▶ [Problem to solve]: Please set down each of the lines below once more, exactly, omitting all pictures.

(Dataset entries)
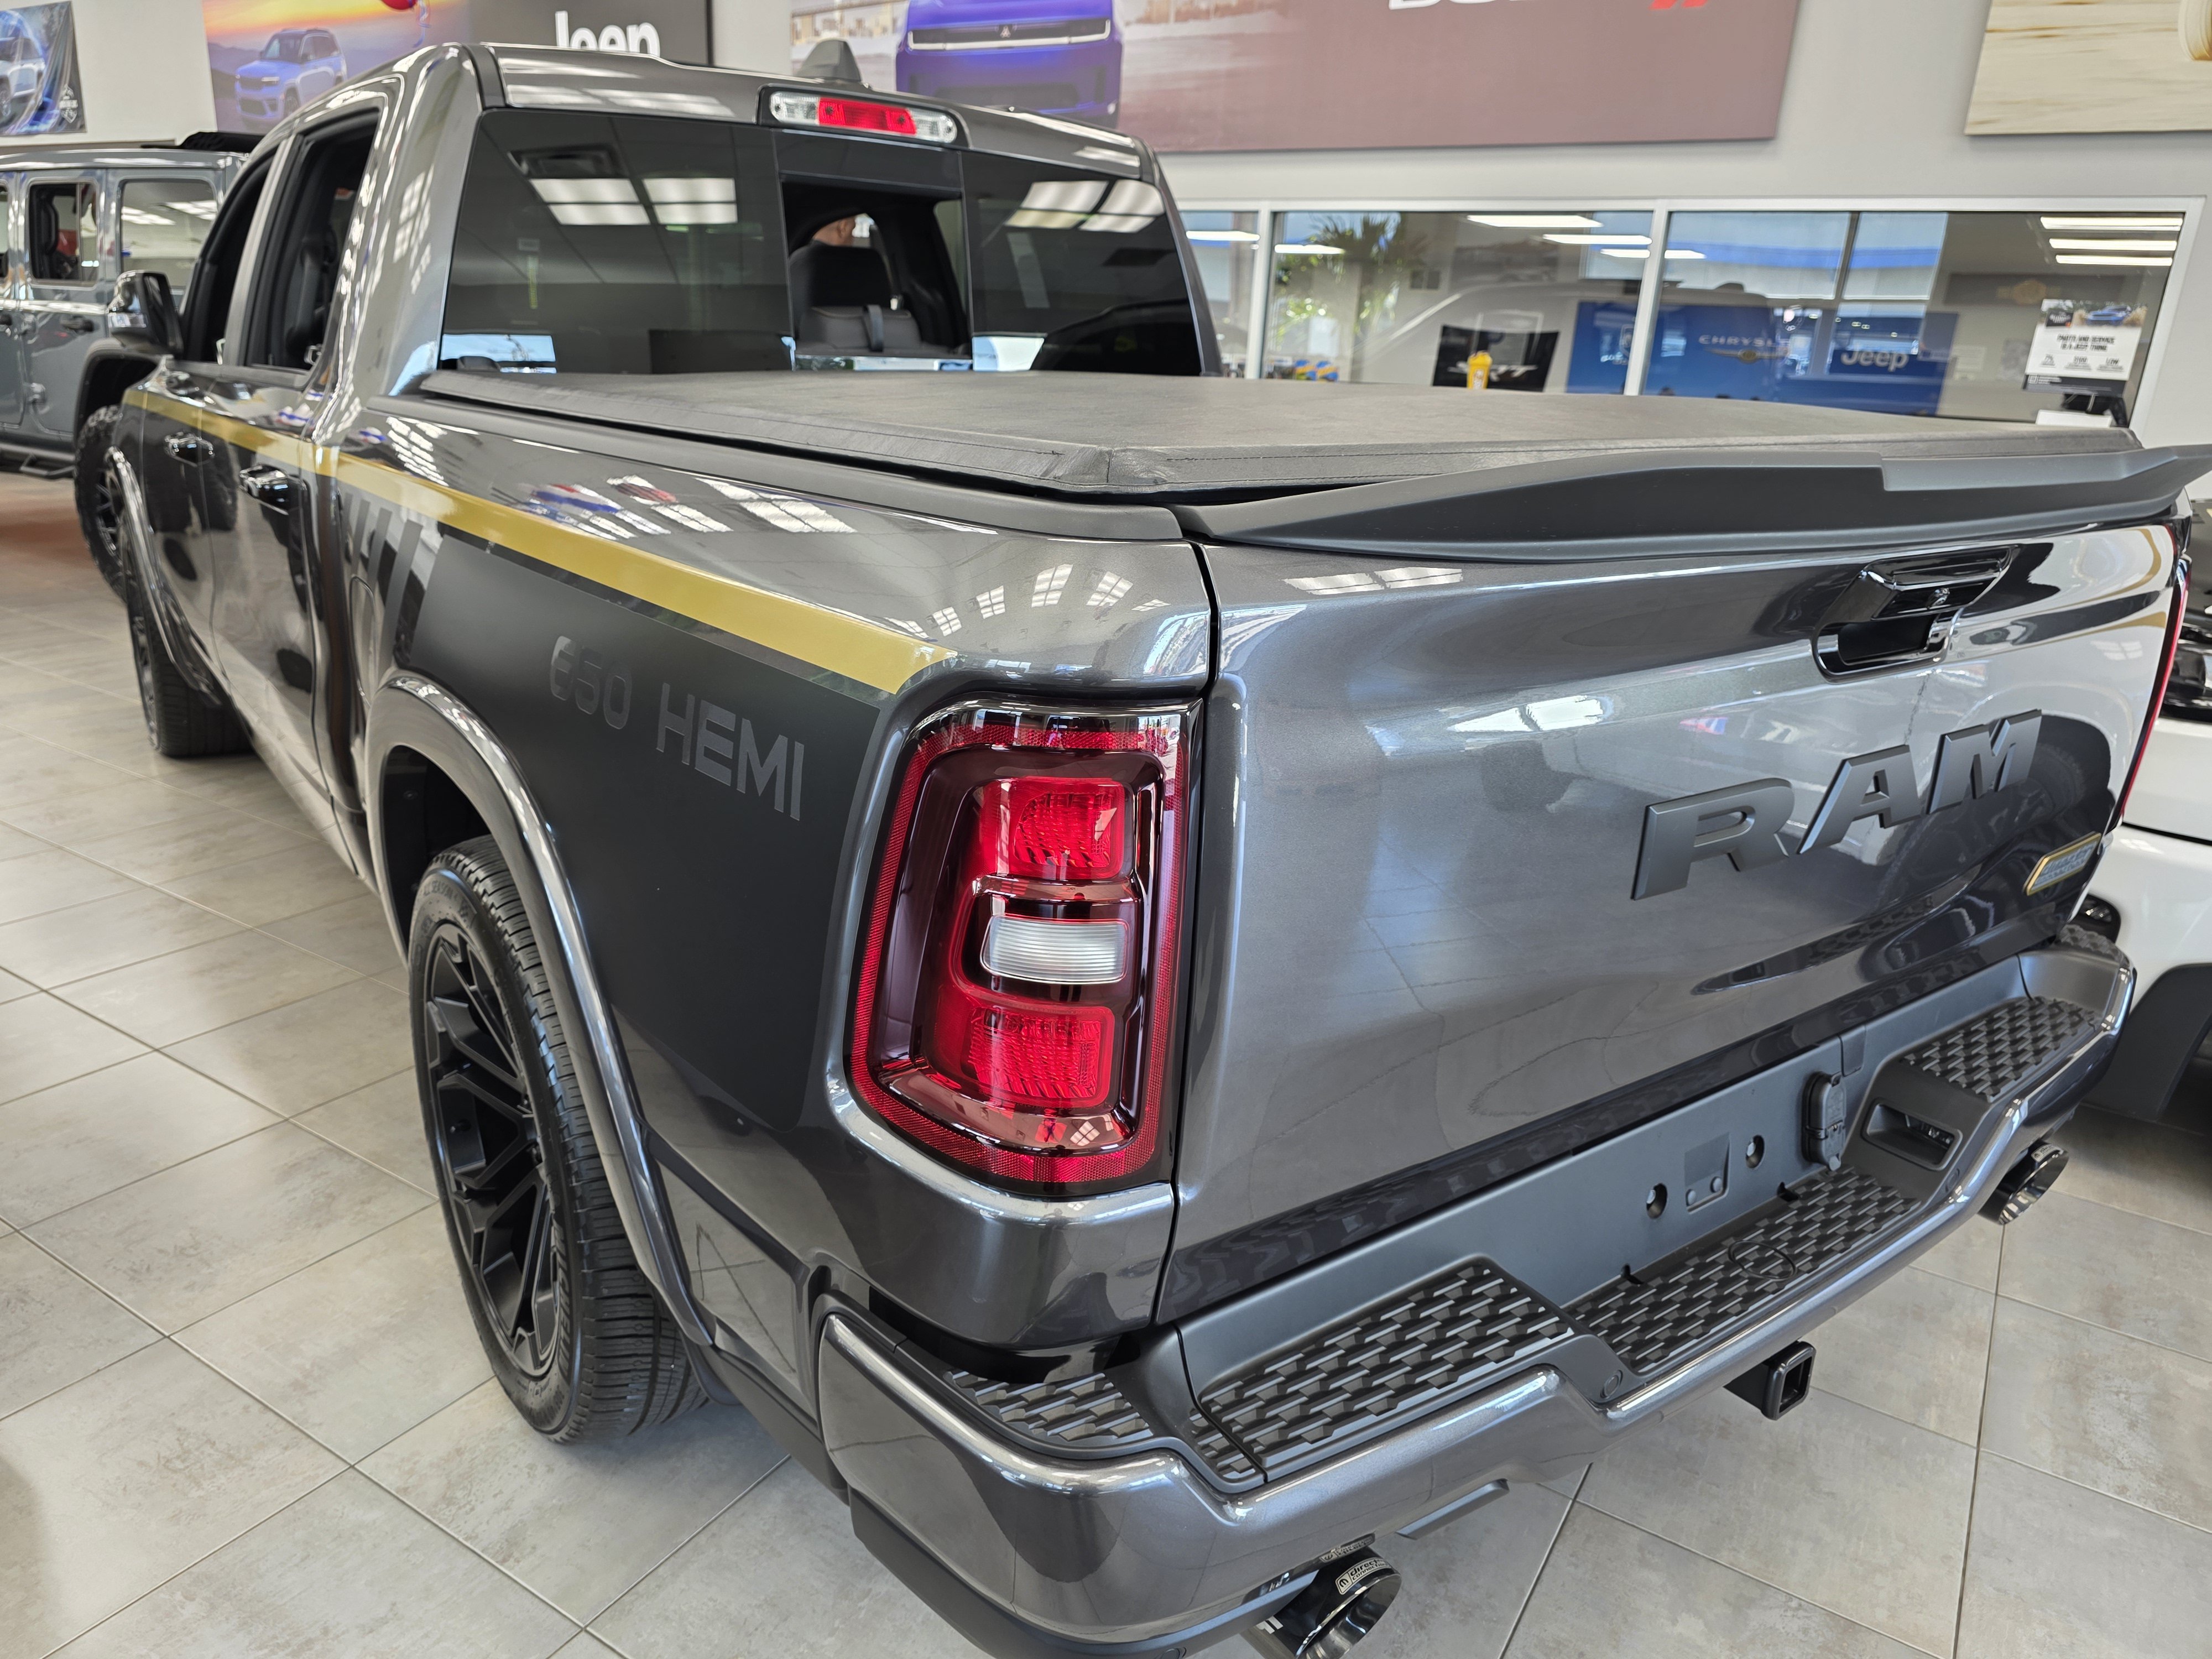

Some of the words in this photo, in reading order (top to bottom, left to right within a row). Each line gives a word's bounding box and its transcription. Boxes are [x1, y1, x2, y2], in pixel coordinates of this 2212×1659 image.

[1840, 343, 1909, 372] Jeep
[655, 682, 805, 821] HEMI
[1630, 708, 2043, 901] RAM
[552, 1218, 571, 1378] MICHELIN
[1350, 1559, 1378, 1577] direct

▶ [Answer for the task]:
Some of the words in this photo, in reading order (top to bottom, left to right within a row). Each line gives a word's bounding box and its transcription. Boxes are [x1, y1, x2, y2], in pixel coordinates of this 2212×1659 image.

[1840, 343, 1909, 372] Jeep
[655, 682, 805, 821] HEMI
[1630, 708, 2043, 901] RAM
[552, 1218, 571, 1378] MICHELIN
[1350, 1559, 1378, 1577] direct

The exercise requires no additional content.